Клясться не стану, но почудилось мне, что в голосе Карла похоть и власть встретились и облобызались.
Алкуин отвечал как бы в сонном видении, успев прикрыть глаза вратами век:
– Знать бы его секрет – тогда и пользоваться с осторожностью, Давид, - сдерживая тяжелую улыбку, отвечал аббат Алкуин.
– Это тебе не Вирсавия. И даже не царица Савская. Мудростью не заворожишь. Сама, кого хочешь, афинейскими хитросплетениями удушит.
Гордыня шептала мне, что знобит в тот миг не только меня, но и весь мир волею короля франков, коему в тот год еще до Рождества Христова предстояло провозгласить себя новым императором старого Рима.
Карл моргнул вместе со светильниками – и вот, святой образ уже оказался в моих руках.

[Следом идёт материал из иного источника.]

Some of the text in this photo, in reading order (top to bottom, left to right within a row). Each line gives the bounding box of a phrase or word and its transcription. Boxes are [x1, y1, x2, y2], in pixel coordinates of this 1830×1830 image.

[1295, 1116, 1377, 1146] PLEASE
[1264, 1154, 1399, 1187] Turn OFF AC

– Так и скажи своему настоятелю, когда вернешься в Новый Рим, - изрек благодушно Карл. – Король франков Карл и аббат Алкуин смиренно просят его водворить сие спорное изображение на то место, откуда было взято. На моих землях не принято ваять воображения ради образы, неприступные никакому воображению. Вот он, сей образ, и движется здесь неприкаянно…
Какую бы ересь ни нес франкский король, а я ничего, кроме радости и тепла в те мгновения не испытывал, прижав святой образ к груди. Так с ним и благодарил короля искренне, от всей души, не став делать низких поклонов, чтобы не выходило, что и святой образ кланяется и опускается долу.
– Отправляйся в замок к своим друзьям… - было следующее веление короля франков.
И я вновь дерзнул:
– Они не могут быть мне друзьями.
– Кто же они тогда? – шевельнул любопытной бровью Карл.
– Волки и овцы не могли быть друзьями, когда плыли совместно в ковчеге праотца Ноя, хотя первые не ели последних, а последние не шарахались от первых – как на великом водопое.
– Иного, менее лукавого сравнения вновь не сумел подыскать.
Карл переглянулся с Алкуином и опустил бровь: ответ мой был принят.
– Раз тебя волки не едят, отправляйся в малый ковчег до распоряжений, - продолжил король франков. – Он теперь и принадлежит волку, этому безумному Аяксу, по праву, а сей волк тебе знаком.
Карл, хоть и оправдал графа, но, видно, не утруждал себя узнать, нет ли у того прямых наследников, раз не видел их при графе. Да и разве могло беспокоить какое-то наследное право самого распорядителя мира?
Опасения, всплывавшие болотными пузырями из моей утробы в голову до самого темени, рассеялись: ярл Рёрик жив и тоже отблагодарён. Только вот женихом Ротруды ему уж не быть – ясно, как Божий день. Карл легко откупился, а ярл легко отделался. Опаски не осталось, а только – любопытство: чем же отделался бард Турвар Си Неус и какой же безделушкой одарен.